▼

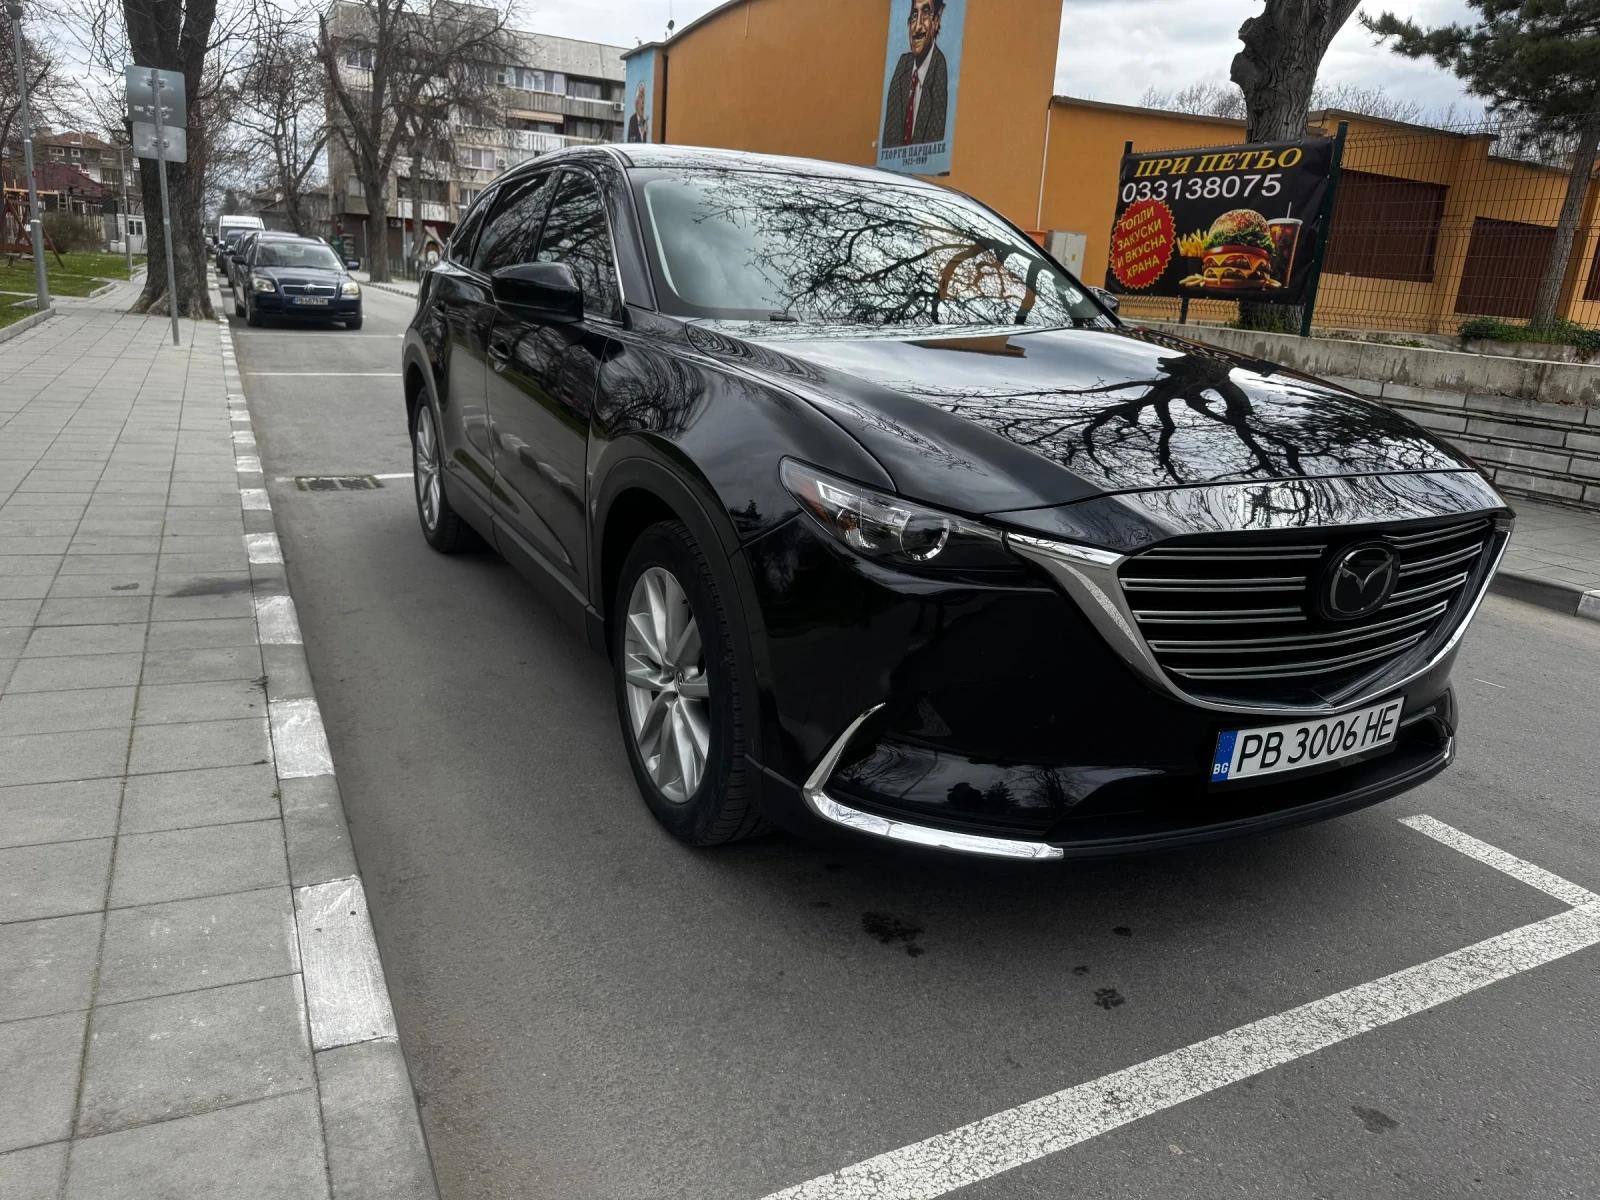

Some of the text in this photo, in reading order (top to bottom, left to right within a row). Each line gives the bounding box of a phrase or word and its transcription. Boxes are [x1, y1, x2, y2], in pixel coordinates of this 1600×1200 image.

[1133, 147, 1303, 178] ПРИ ПЕТЬО
[1122, 174, 1282, 203] 033138075
[1117, 218, 1162, 251] ЗАКУСКИ
[1120, 206, 1154, 233] ТОПЛИ
[1117, 234, 1167, 268] И ВКУСНА
[1126, 254, 1160, 280] ХРАНА
[1236, 703, 1399, 773] PB 3006 HE
[1213, 763, 1229, 775] BG

▲

# [Aim of the task]
Every line of the listing is to be retyped exactly; pictures stay out.

# [Solved problem]
Some of the text in this photo, in reading order (top to bottom, left to right within a row). Each line gives the bounding box of a phrase or word and its transcription. Boxes are [x1, y1, x2, y2], in pixel coordinates of this 1600×1200 image.

[1133, 147, 1303, 178] ПРИ ПЕТЬО
[1122, 174, 1282, 203] 033138075
[1117, 218, 1162, 251] ЗАКУСКИ
[1120, 206, 1154, 233] ТОПЛИ
[1117, 234, 1167, 268] И ВКУСНА
[1126, 254, 1160, 280] ХРАНА
[1236, 703, 1399, 773] PB 3006 HE
[1213, 763, 1229, 775] BG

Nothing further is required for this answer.